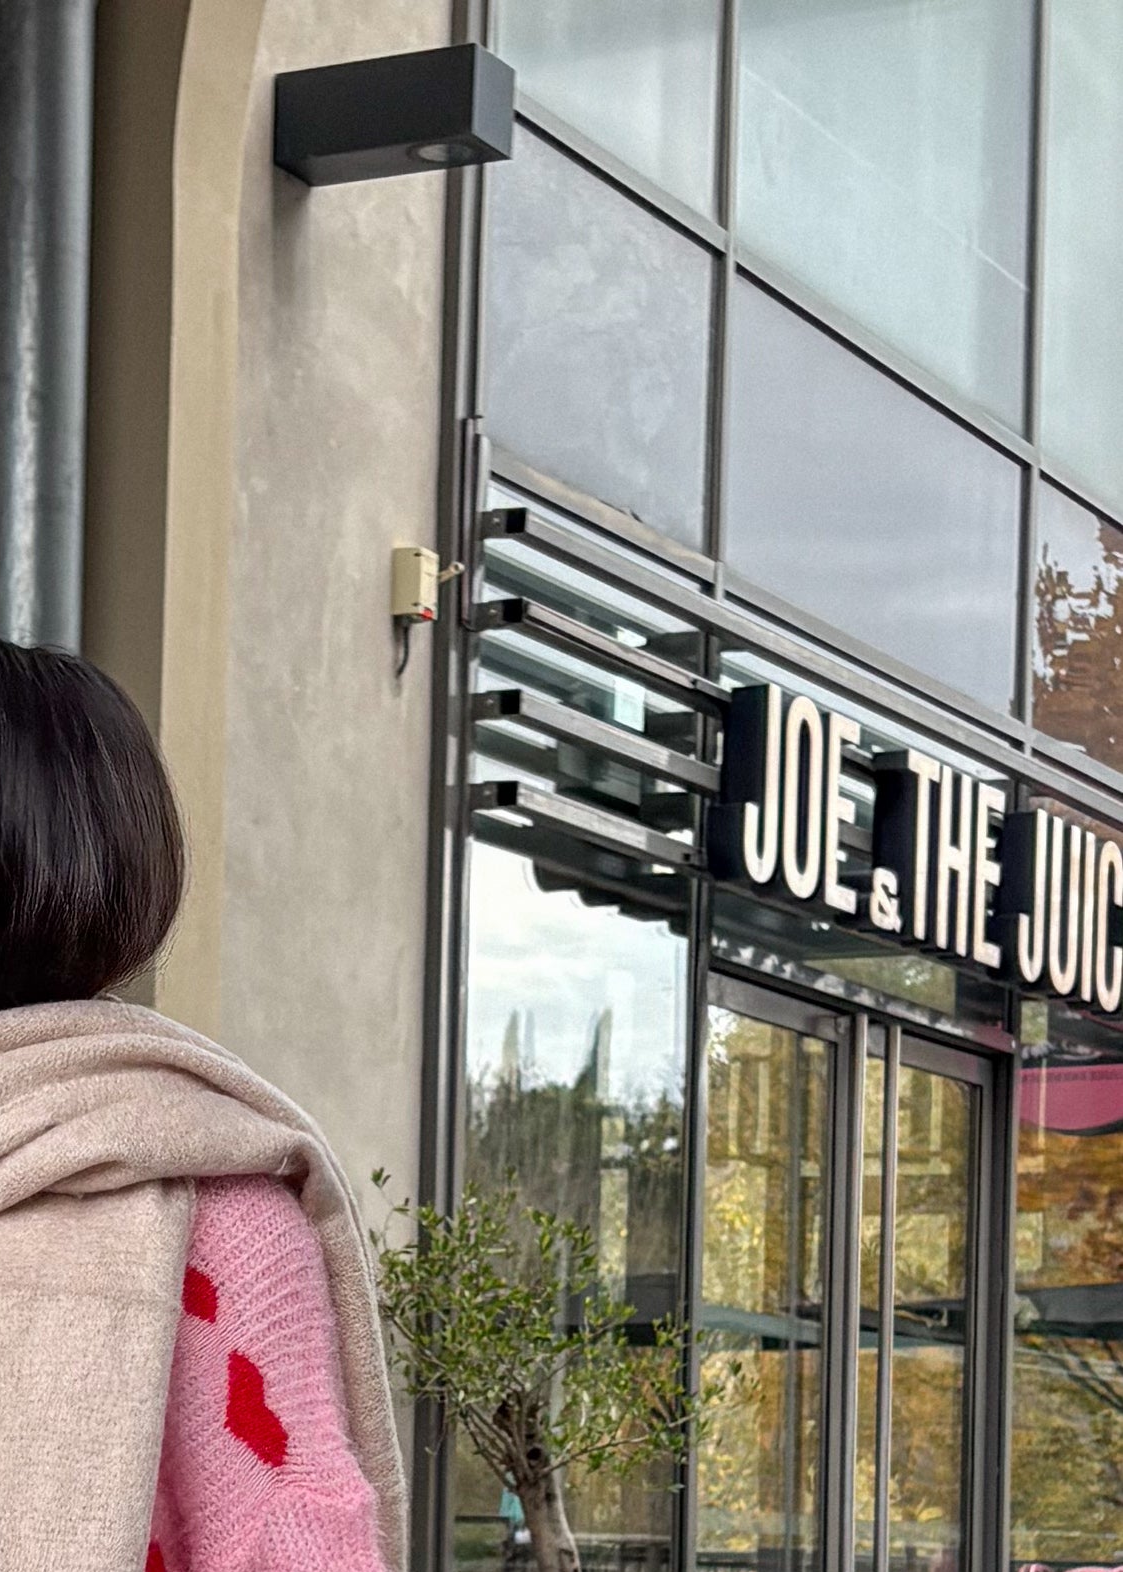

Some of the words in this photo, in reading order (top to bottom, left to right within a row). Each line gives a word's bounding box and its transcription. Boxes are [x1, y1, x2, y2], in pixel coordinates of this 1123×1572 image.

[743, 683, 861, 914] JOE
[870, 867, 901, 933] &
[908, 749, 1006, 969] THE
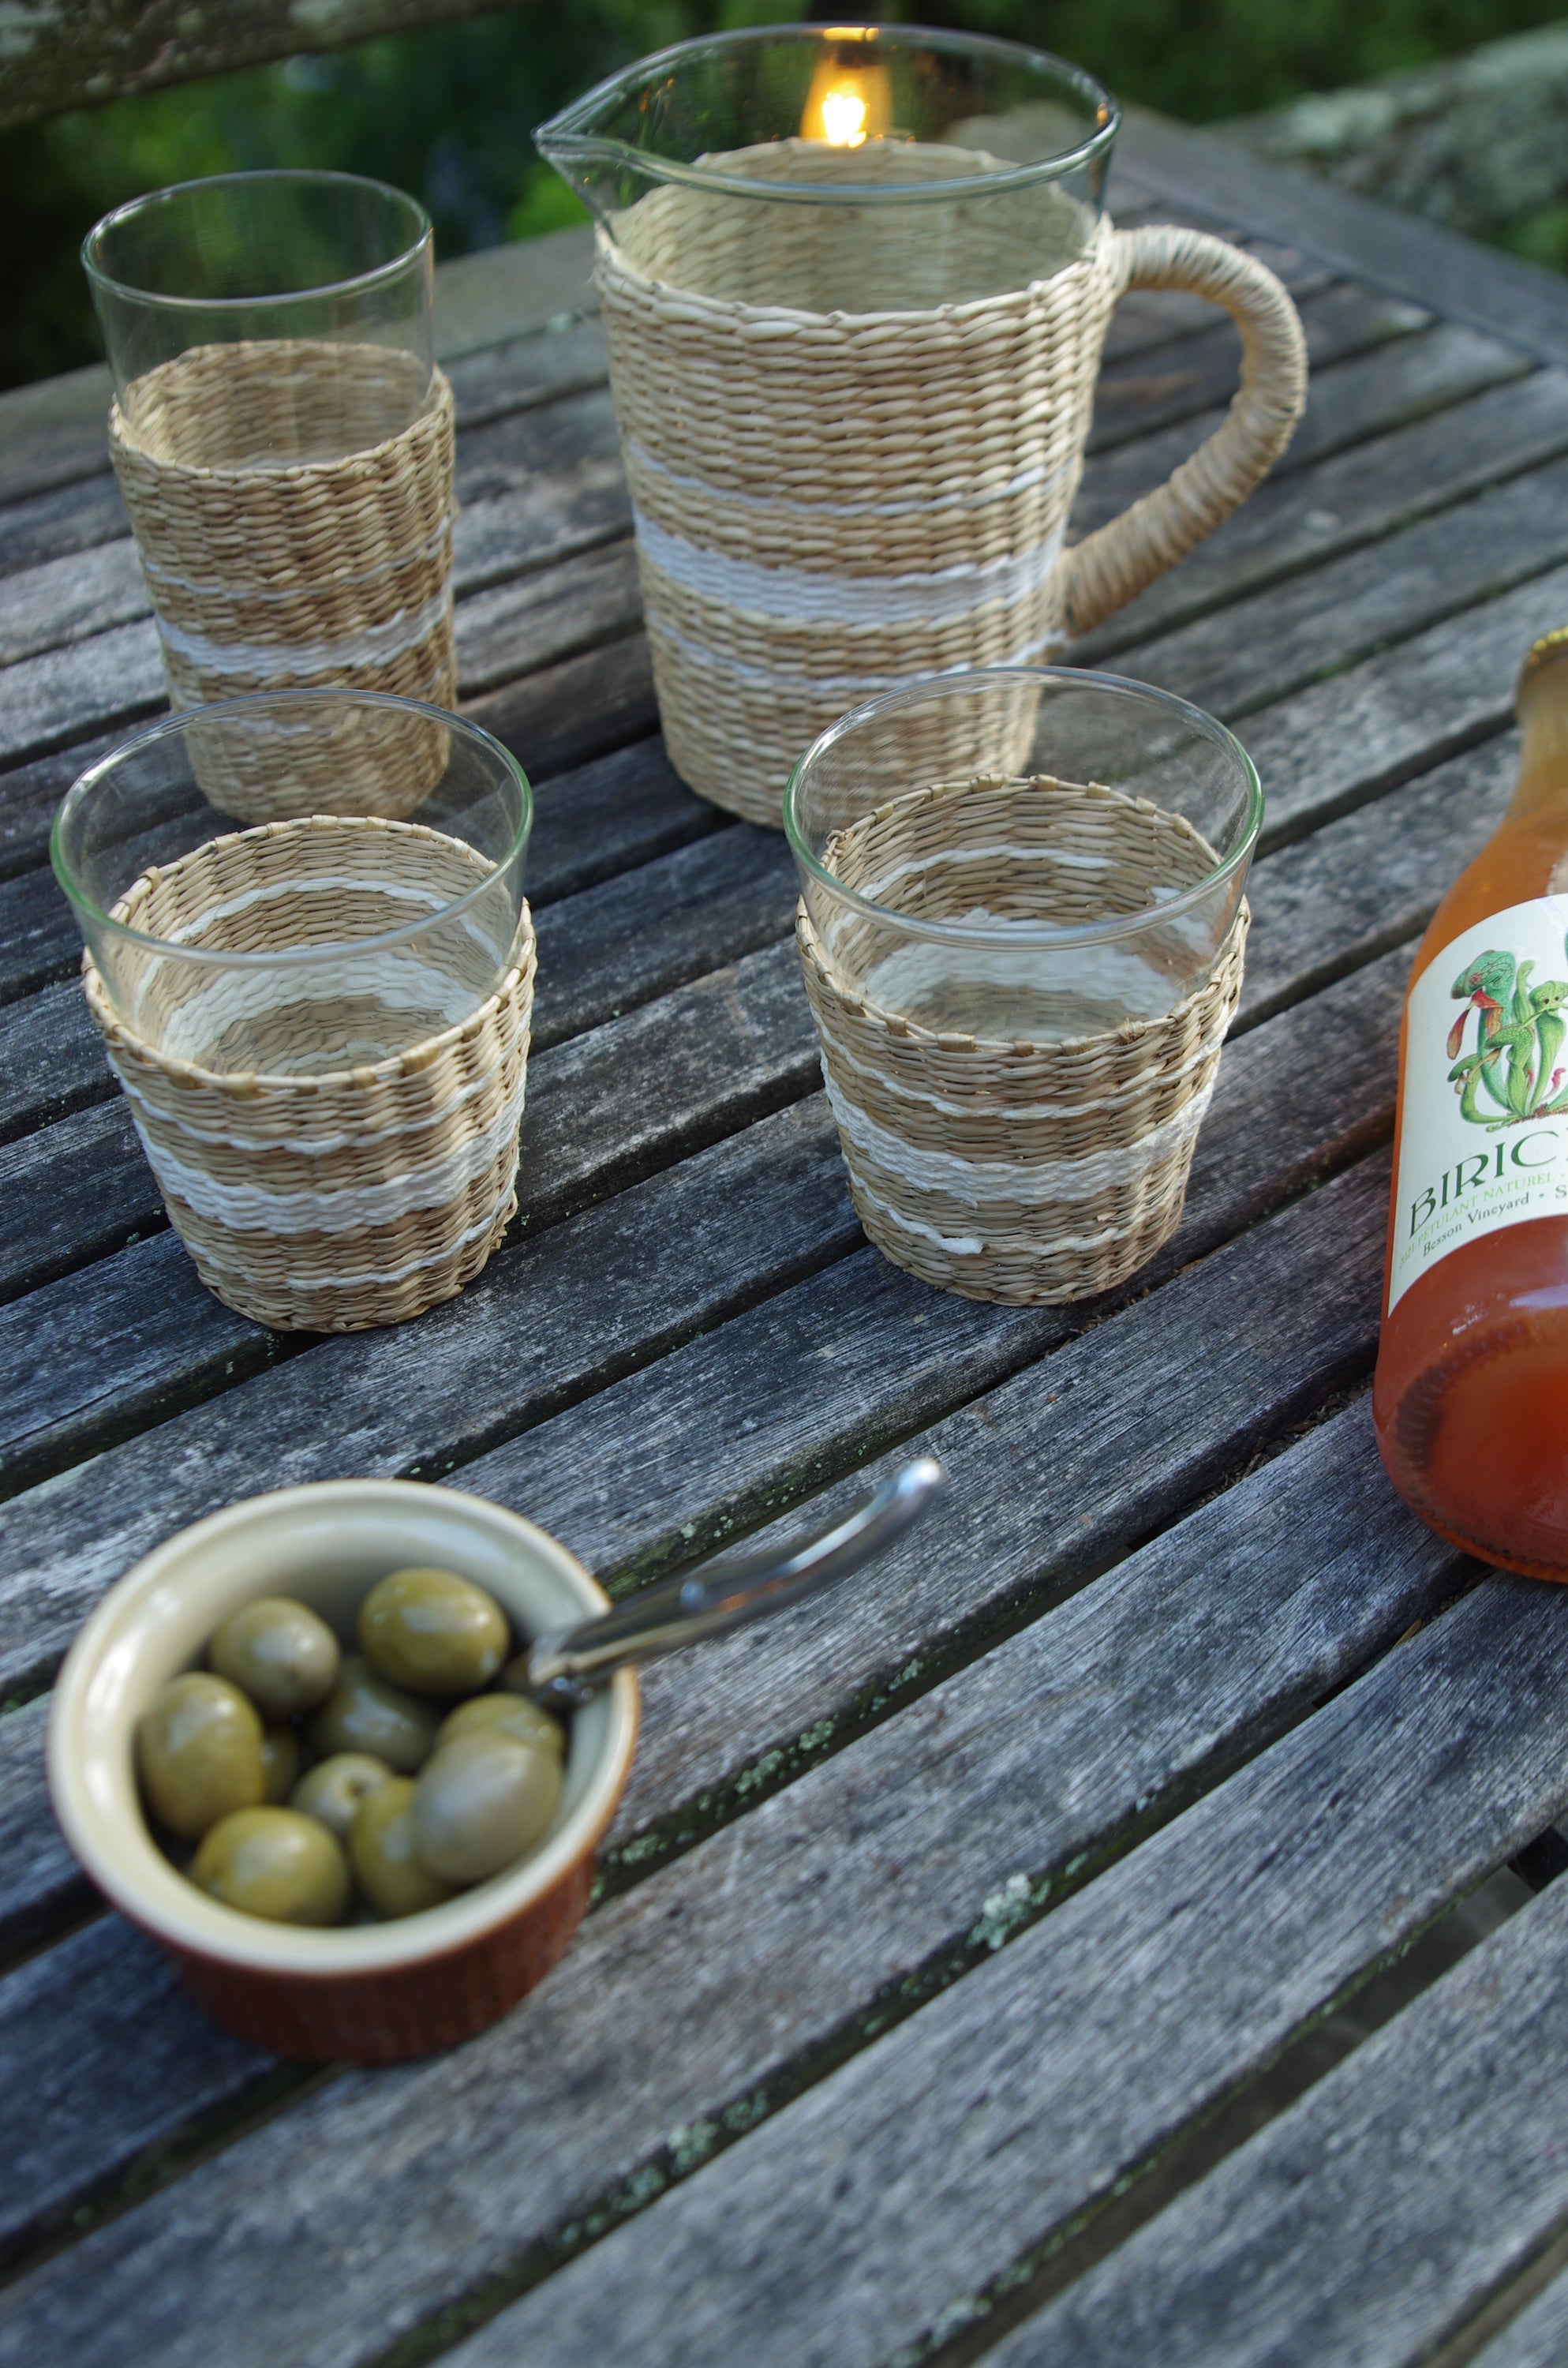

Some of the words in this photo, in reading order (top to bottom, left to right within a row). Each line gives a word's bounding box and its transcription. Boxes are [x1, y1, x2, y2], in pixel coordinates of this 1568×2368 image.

→ Task
The records above must all be output exactly. Omit the images.

→ Exercise solution
Some of the words in this photo, in reading order (top to bottom, left to right within a row). Each line gives a word's bounding box and its transcription. Boxes are [x1, y1, x2, y2], in pixel coordinates of this 1123×1572 image.

[743, 683, 861, 914] JOE
[870, 867, 901, 933] &
[908, 749, 1006, 969] THE

Some of the words in this photo, in reading order (top to bottom, left to right within a row). Each line gives a word's bounding box and its transcription. Boxes are [x1, y1, x2, y2], in pixel coordinates of this 1568×2368 image.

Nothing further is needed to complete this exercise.